**Problem details:** Without including the pictures, copy out every line below.

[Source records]
= Beginning of Section =
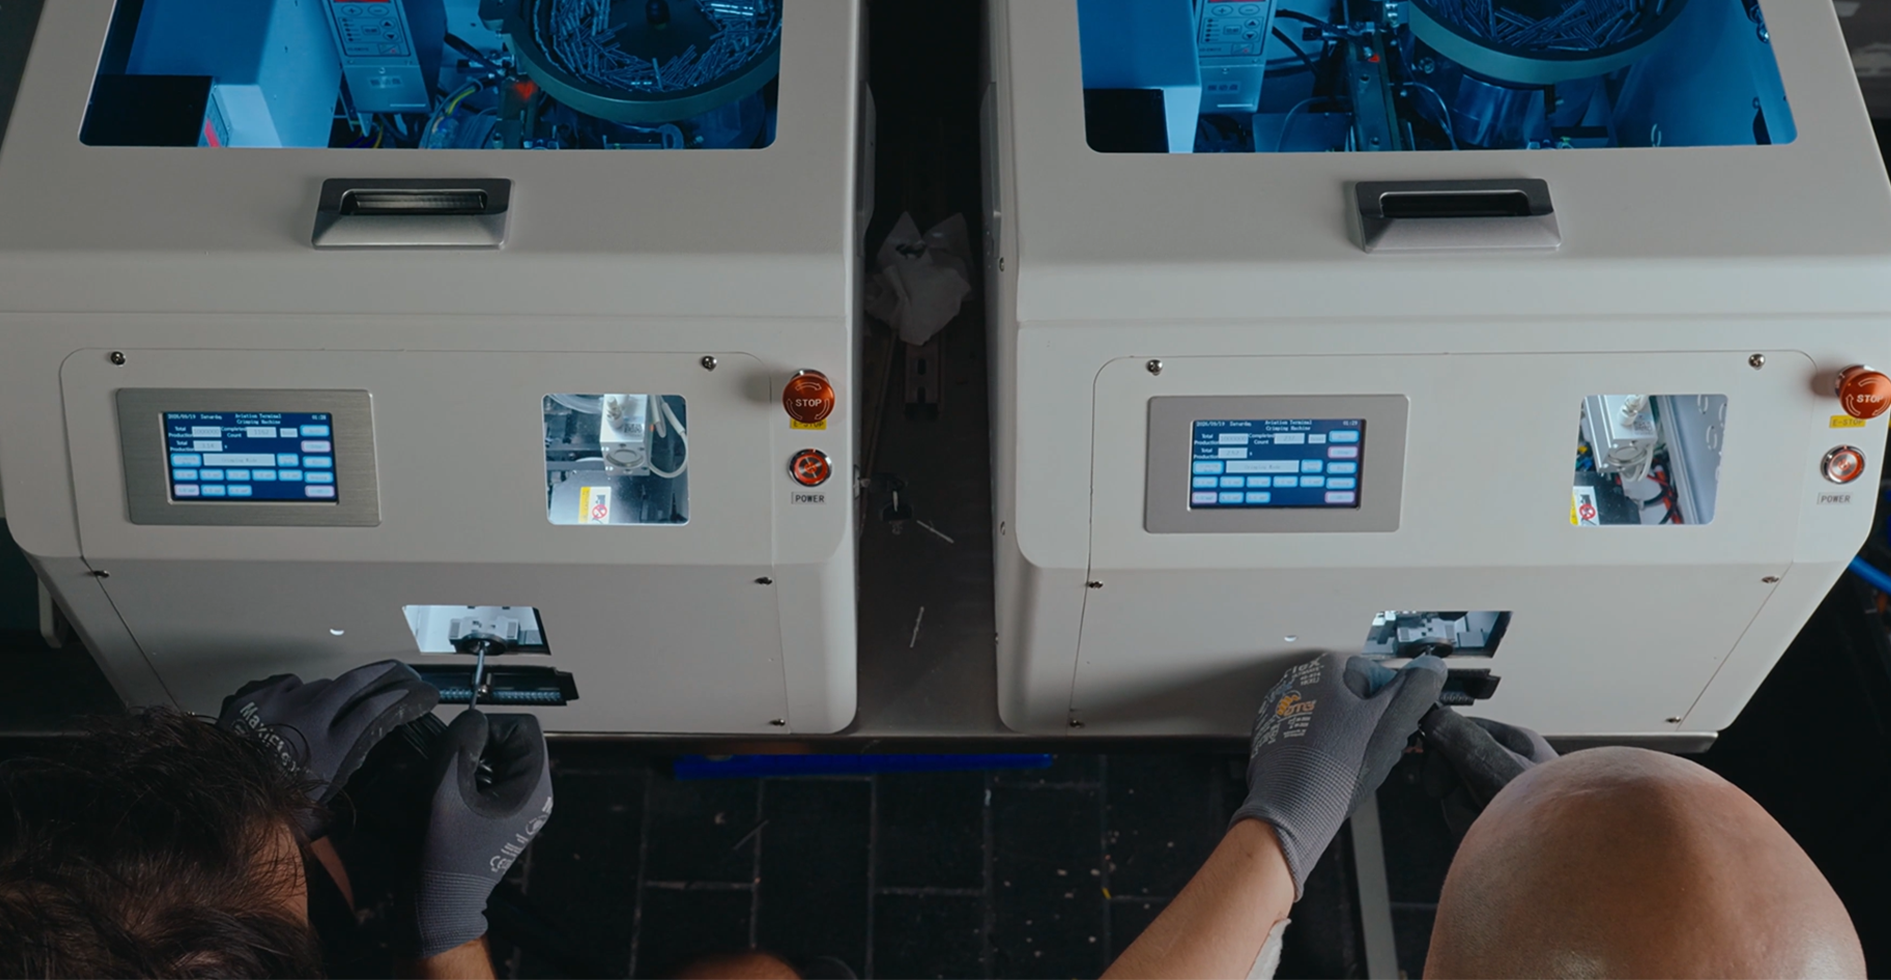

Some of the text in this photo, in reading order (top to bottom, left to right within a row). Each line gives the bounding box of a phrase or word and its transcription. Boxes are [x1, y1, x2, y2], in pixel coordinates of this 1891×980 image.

[795, 399, 822, 407] STOP
[1857, 395, 1884, 403] STOP
[795, 495, 825, 503] POWER
[1820, 495, 1851, 503] POWER
= End of Section =
**Solved problem:**
Some of the text in this photo, in reading order (top to bottom, left to right within a row). Each line gives the bounding box of a phrase or word and its transcription. Boxes are [x1, y1, x2, y2], in pixel coordinates of this 1891×980 image.

[795, 399, 822, 407] STOP
[1857, 395, 1884, 403] STOP
[795, 495, 825, 503] POWER
[1820, 495, 1851, 503] POWER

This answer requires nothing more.